═════ DATA SECTION
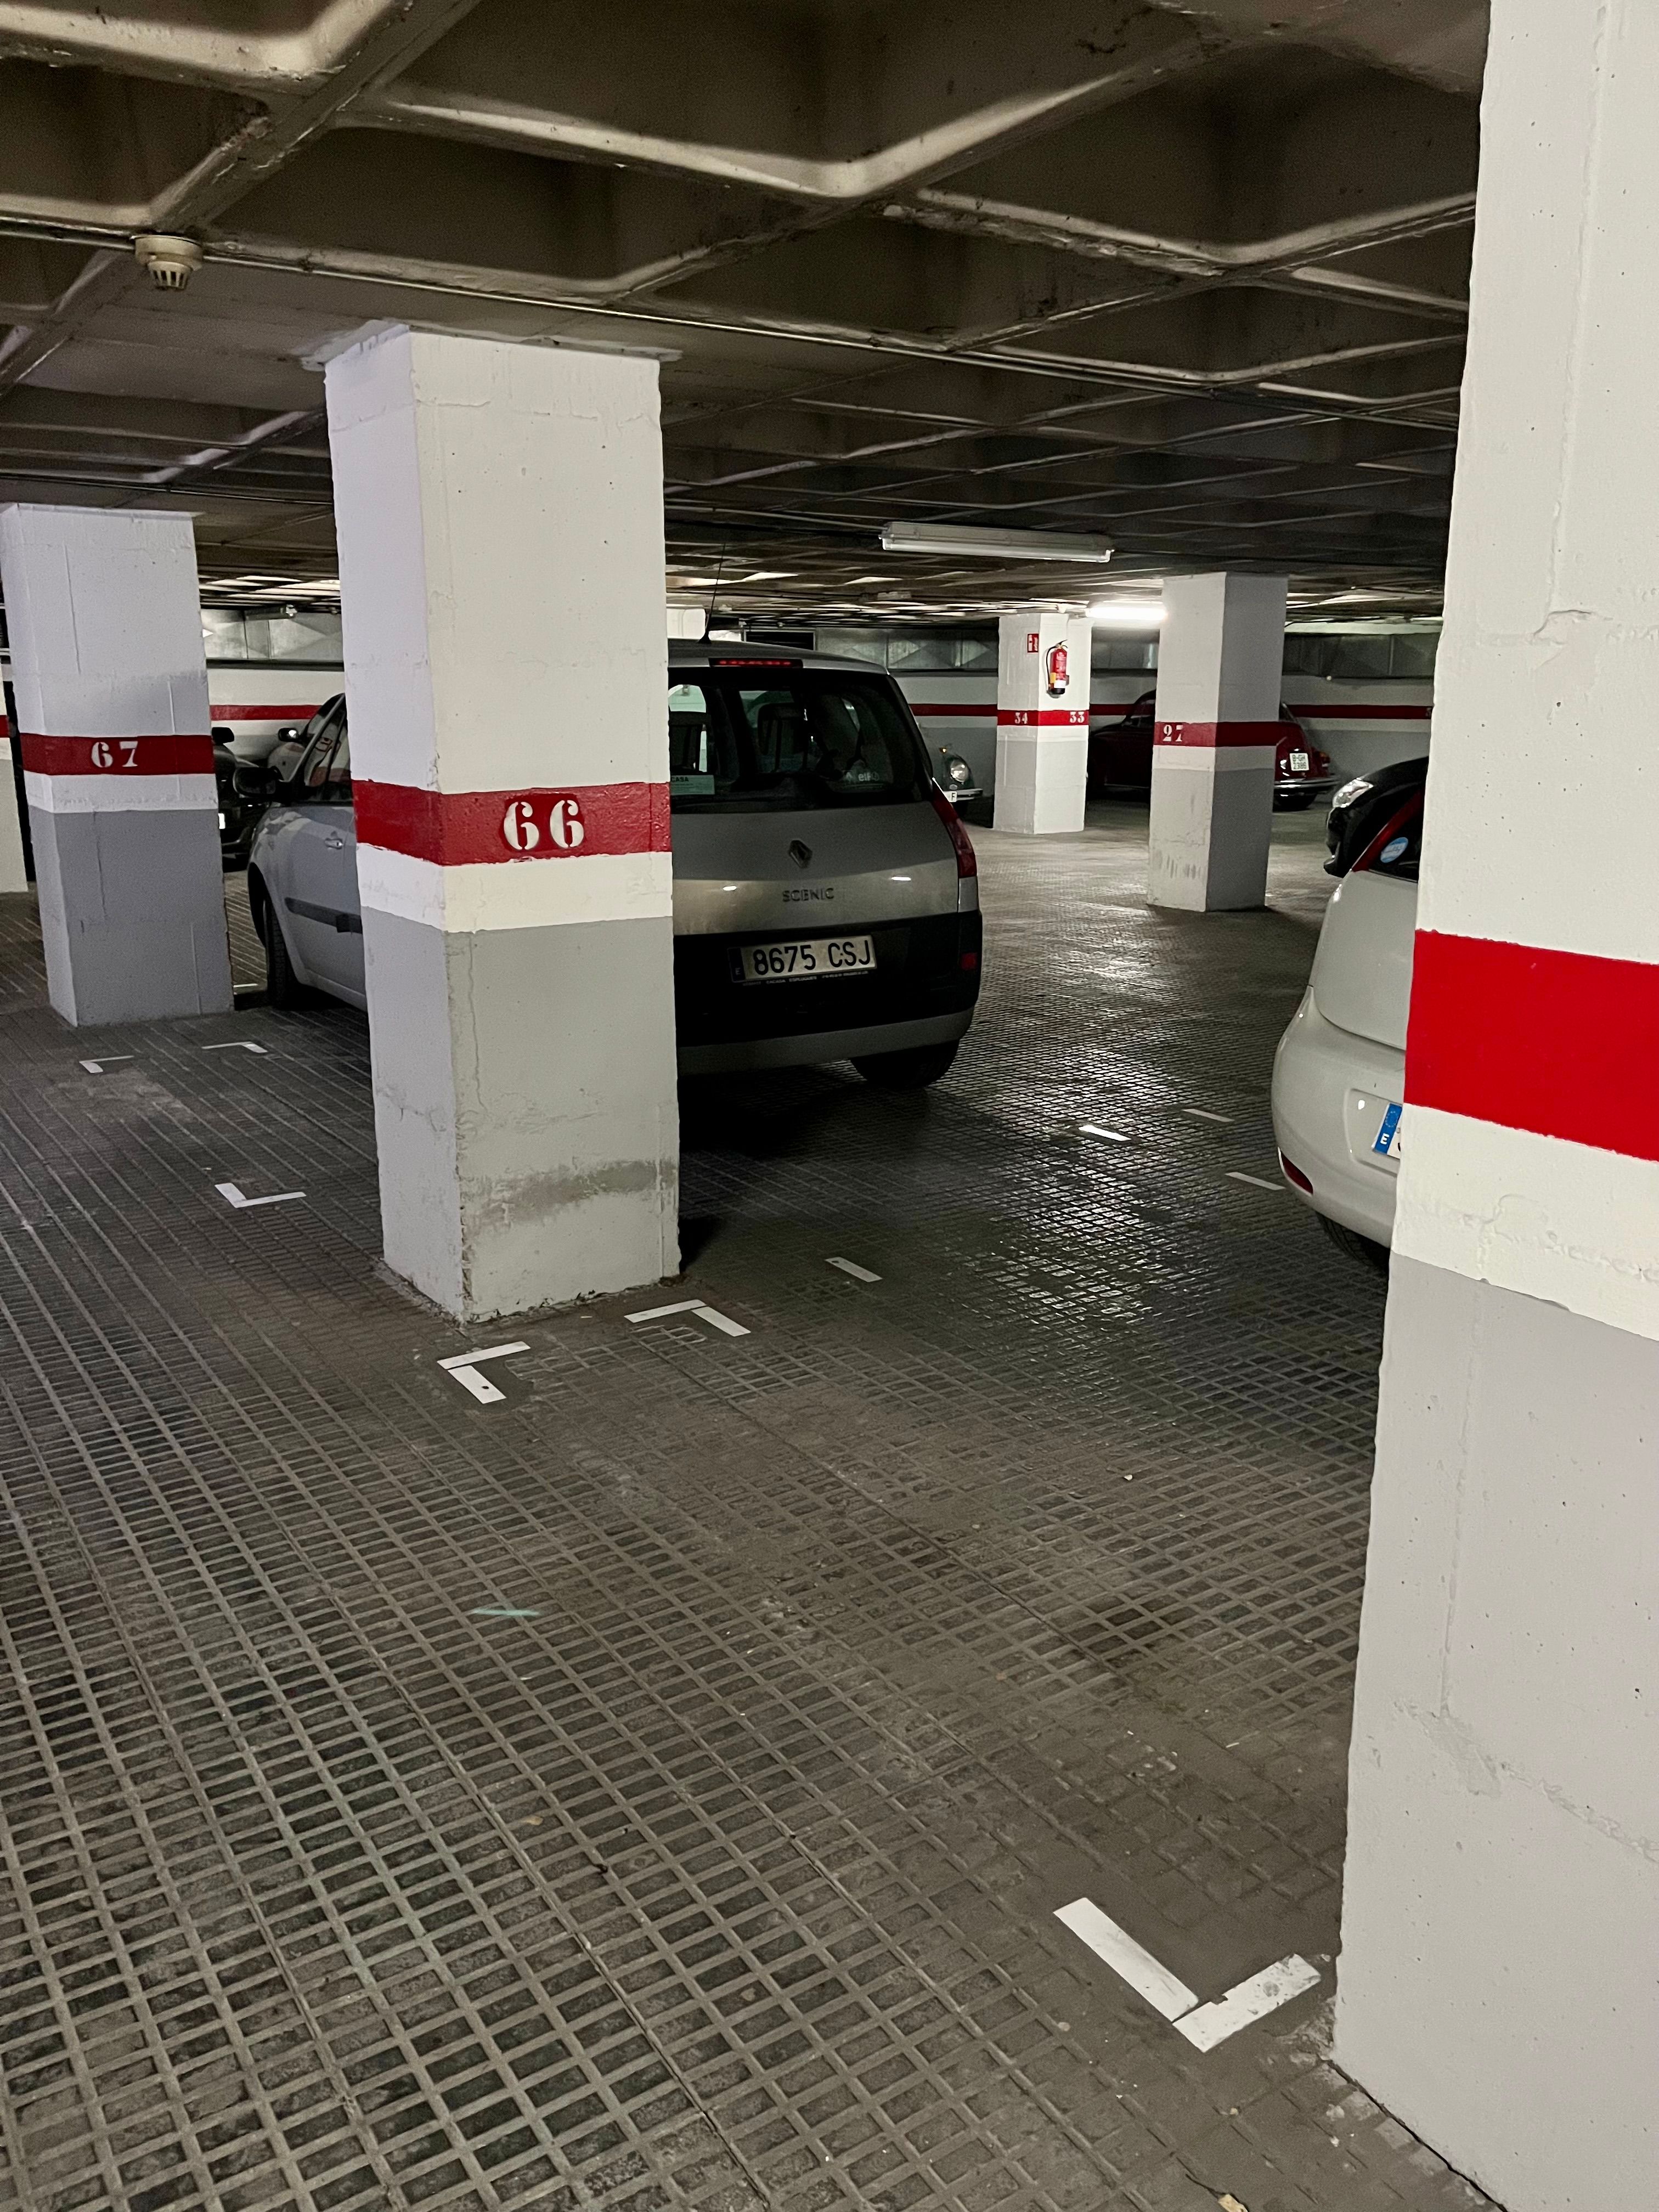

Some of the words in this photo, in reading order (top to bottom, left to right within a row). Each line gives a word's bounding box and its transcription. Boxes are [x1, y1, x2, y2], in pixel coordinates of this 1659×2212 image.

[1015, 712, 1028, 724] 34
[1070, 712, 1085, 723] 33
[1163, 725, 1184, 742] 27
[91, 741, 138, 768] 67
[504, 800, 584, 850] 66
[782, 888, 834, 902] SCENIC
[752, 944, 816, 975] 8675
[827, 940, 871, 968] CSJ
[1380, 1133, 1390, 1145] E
══════════
EXERCISE BRIEF. The data above should be set down again exactly, with the pictures omitted.

RESULT OF THIS EXERCISE.
Some of the words in this photo, in reading order (top to bottom, left to right within a row). Each line gives a word's bounding box and its transcription. Boxes are [x1, y1, x2, y2], in pixel coordinates of this 1659×2212 image.

[1015, 712, 1028, 724] 34
[1070, 712, 1085, 723] 33
[1163, 725, 1184, 742] 27
[91, 741, 138, 768] 67
[504, 800, 584, 850] 66
[782, 888, 834, 902] SCENIC
[752, 944, 816, 975] 8675
[827, 940, 871, 968] CSJ
[1380, 1133, 1390, 1145] E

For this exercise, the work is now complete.